Aug 17, 2012, 07:36 IST | Samarth Moray

In the days before air-conditioning and closed courtrooms, stray animals had 'free ingress and egress' in courtrooms.

Once, a bitch delivered some pups right under the judge’s podium. In the middle of arguments, some puppies wandered out from underneath and their mother began to nurse them. Distracted, the lawyer on his feet stopped arguing and stared incredulously at the sight. The judge however brushed it aside and said, “She is doing her job. You do yours.”

>> There are several entrances and exits to the Bombay High Court building, and sometimes, notorious litigants have used this to their full advantage. Haseena Parkar, sister to don Dawood Ibrahim, was once to come to court for a hearing. The paparazzi had positioned themselves at all the court’s entrances, hoping for a picture of Parkar. They were to be disappointed however, when the wily woman arranged for three other ‘Haseena Parkars’ – dressed head to toe in black burqas – to enter the court premises simultaneously from all gates.

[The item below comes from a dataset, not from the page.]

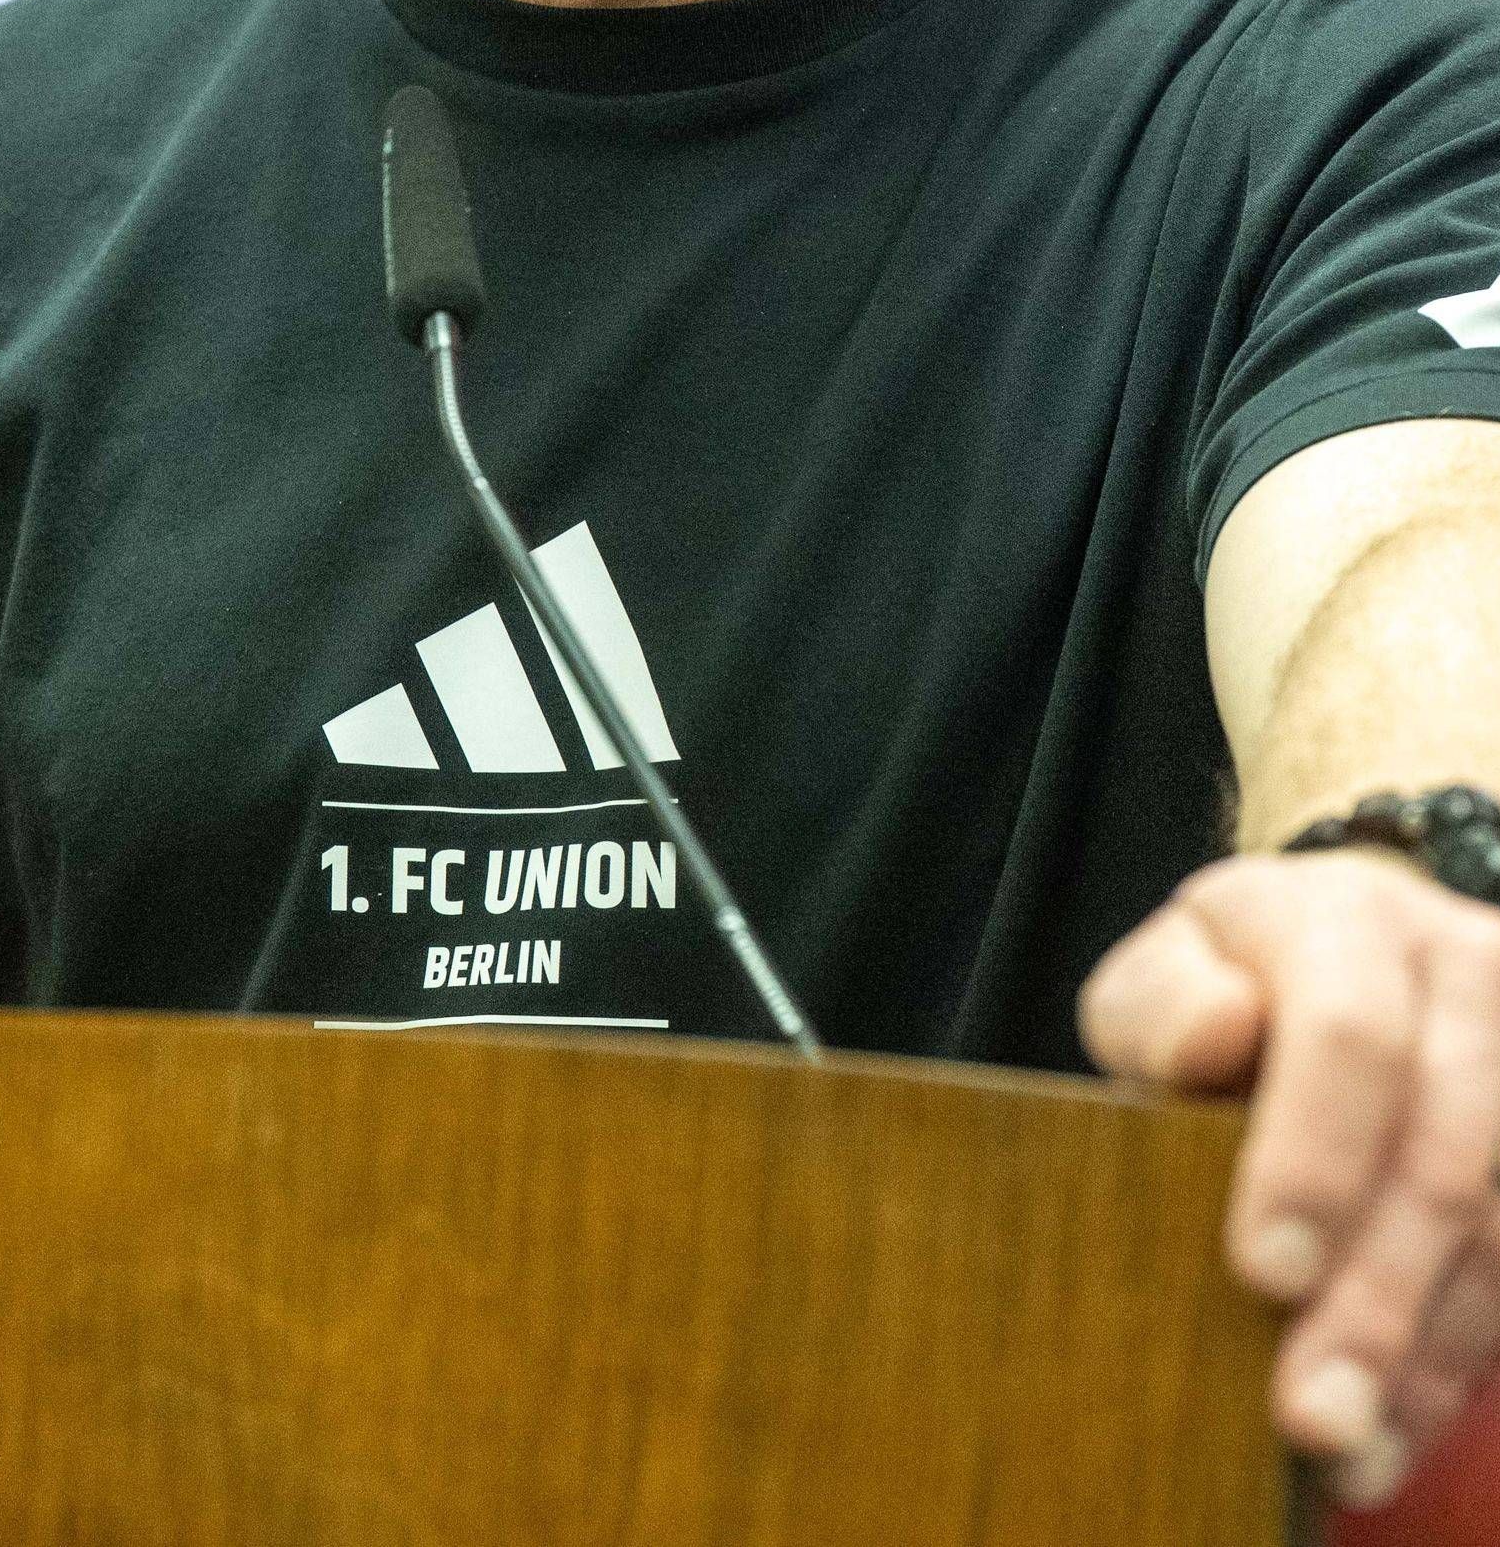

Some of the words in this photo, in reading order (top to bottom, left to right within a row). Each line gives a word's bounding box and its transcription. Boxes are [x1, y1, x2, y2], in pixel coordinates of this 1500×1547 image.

[321, 844, 370, 913] 1.
[391, 847, 466, 916] FC
[484, 840, 677, 915] UNION
[422, 939, 562, 989] BERLIN

>> At one hearing, a persistent counsel continuously tried to convince the judge not to extern his client, a goon based in Pune. Five minutes in, the judge blurted, “Mr. Counsel, please… I am only ordering that your client stay outside the Pune area. Let him come to Bombay and join some nice gang!” leaving the courtroom in splits.

>> It’s not always judges who have the last laugh. In a hearing in a testamentary suit, a judge once directed the lawyer for the plaintiff to issue notices to the respondents. The judge also added that a notice should be issued to the deceased. The lawyer replied, “I am sorry My Lord, but I do not think any bailiff would be willing to serve the deceased.”

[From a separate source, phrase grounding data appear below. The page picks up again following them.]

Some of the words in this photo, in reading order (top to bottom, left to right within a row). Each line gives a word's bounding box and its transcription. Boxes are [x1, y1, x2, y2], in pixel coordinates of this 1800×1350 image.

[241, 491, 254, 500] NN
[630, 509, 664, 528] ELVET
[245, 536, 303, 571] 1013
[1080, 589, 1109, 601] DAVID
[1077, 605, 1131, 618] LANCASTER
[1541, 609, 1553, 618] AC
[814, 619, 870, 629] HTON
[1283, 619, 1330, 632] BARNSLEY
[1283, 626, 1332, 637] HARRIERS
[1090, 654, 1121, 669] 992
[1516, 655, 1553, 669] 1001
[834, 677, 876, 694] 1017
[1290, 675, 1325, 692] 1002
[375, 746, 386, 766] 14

>> Among the more surprising cases in recent times, a division bench of the Bombay High Court admitted a writ petition of Habeas Corpus for the production of a bull. Habeas Corpus petitions are reserved exclusively to have police produce before the court persons who have been illegally detained. Though terming the petition ‘ill-advised’, the court went on to hear the matter and ultimately directed the petitioner to seek compensation from the State - the bull, worth about R25,000, had died while detained in the BMC’s cattle pound.